§ **What this task involves**:
Transcribe all of the records, leaving out any pictures.
─── Data records
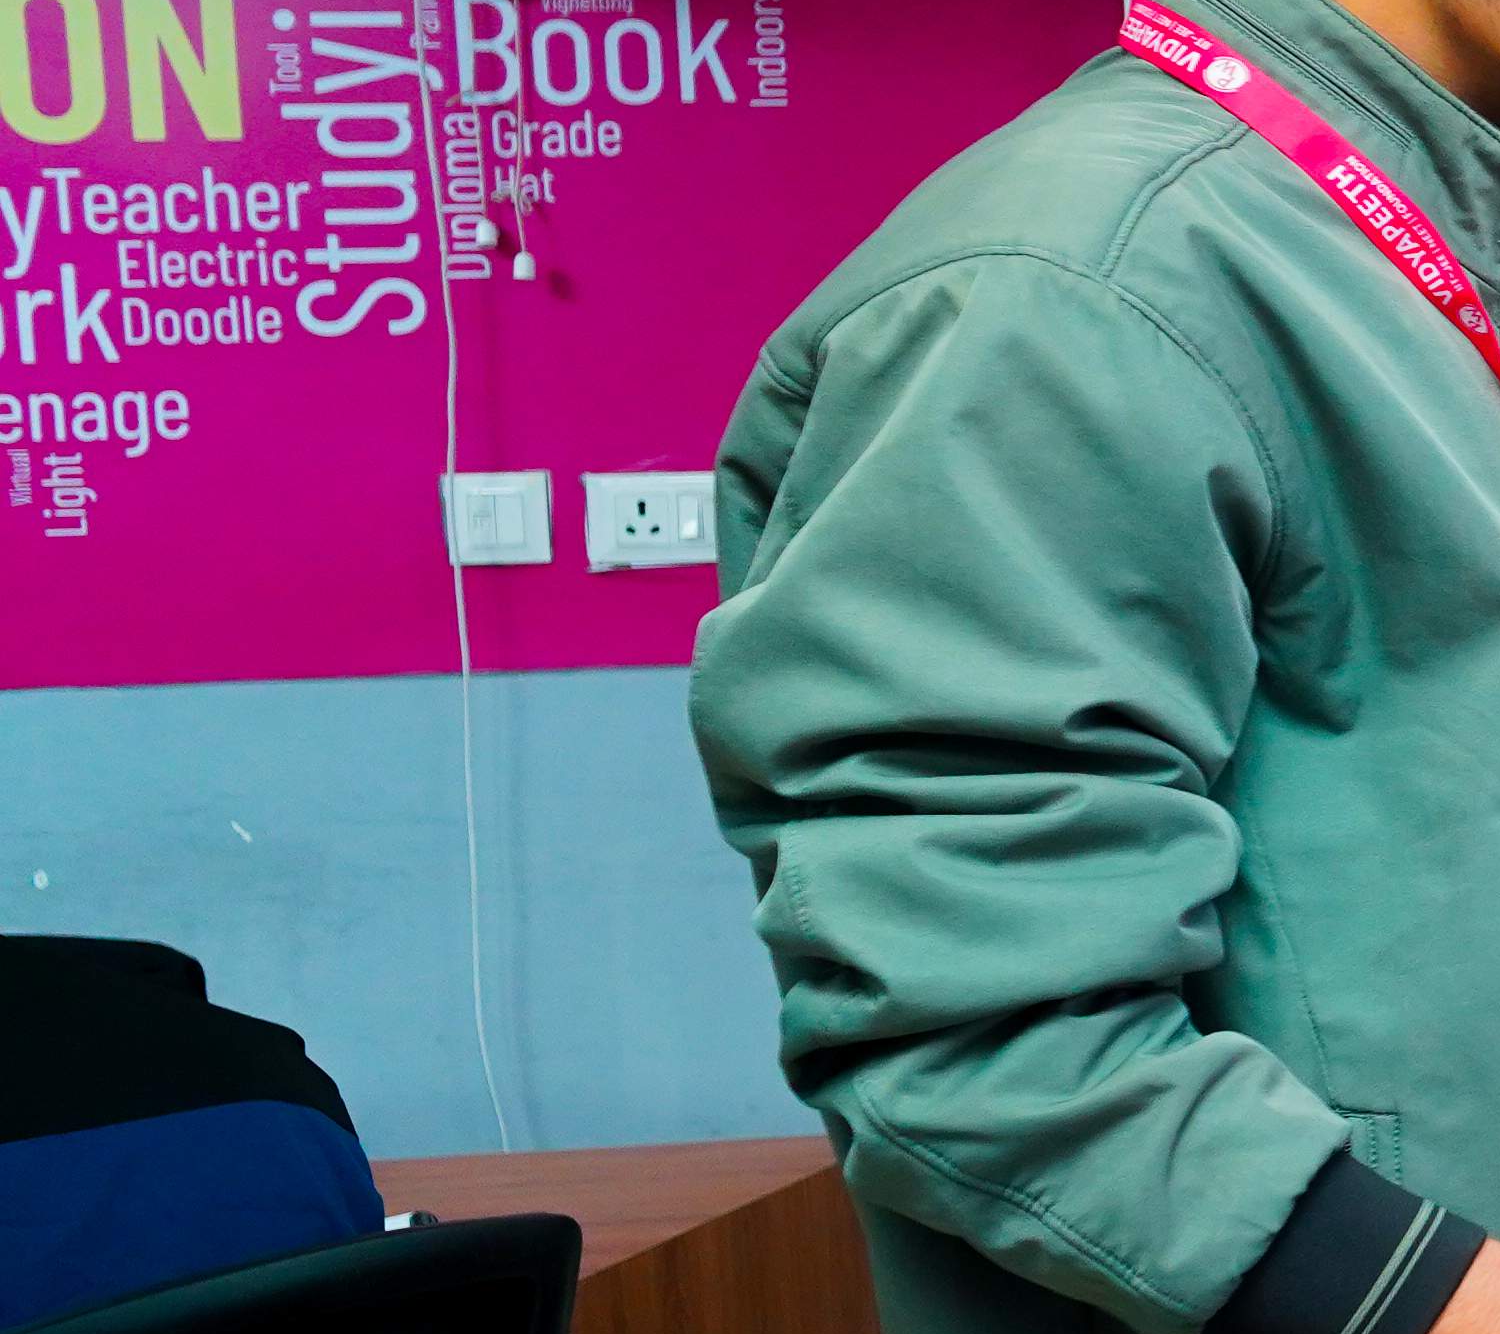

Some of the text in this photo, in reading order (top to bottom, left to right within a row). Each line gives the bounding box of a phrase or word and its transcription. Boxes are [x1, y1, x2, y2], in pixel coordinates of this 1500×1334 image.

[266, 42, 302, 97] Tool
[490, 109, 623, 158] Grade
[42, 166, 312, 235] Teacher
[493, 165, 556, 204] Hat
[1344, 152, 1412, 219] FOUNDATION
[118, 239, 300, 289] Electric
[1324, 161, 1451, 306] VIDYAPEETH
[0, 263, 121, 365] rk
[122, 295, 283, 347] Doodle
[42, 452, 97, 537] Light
──────
§ **Exercise solution**:
Some of the text in this photo, in reading order (top to bottom, left to right within a row). Each line gives the bounding box of a phrase or word and its transcription. Boxes are [x1, y1, x2, y2], in pixel coordinates of this 1500×1334 image.

[266, 42, 302, 97] Tool
[490, 109, 623, 158] Grade
[42, 166, 312, 235] Teacher
[493, 165, 556, 204] Hat
[1344, 152, 1412, 219] FOUNDATION
[118, 239, 300, 289] Electric
[1324, 161, 1451, 306] VIDYAPEETH
[0, 263, 121, 365] rk
[122, 295, 283, 347] Doodle
[42, 452, 97, 537] Light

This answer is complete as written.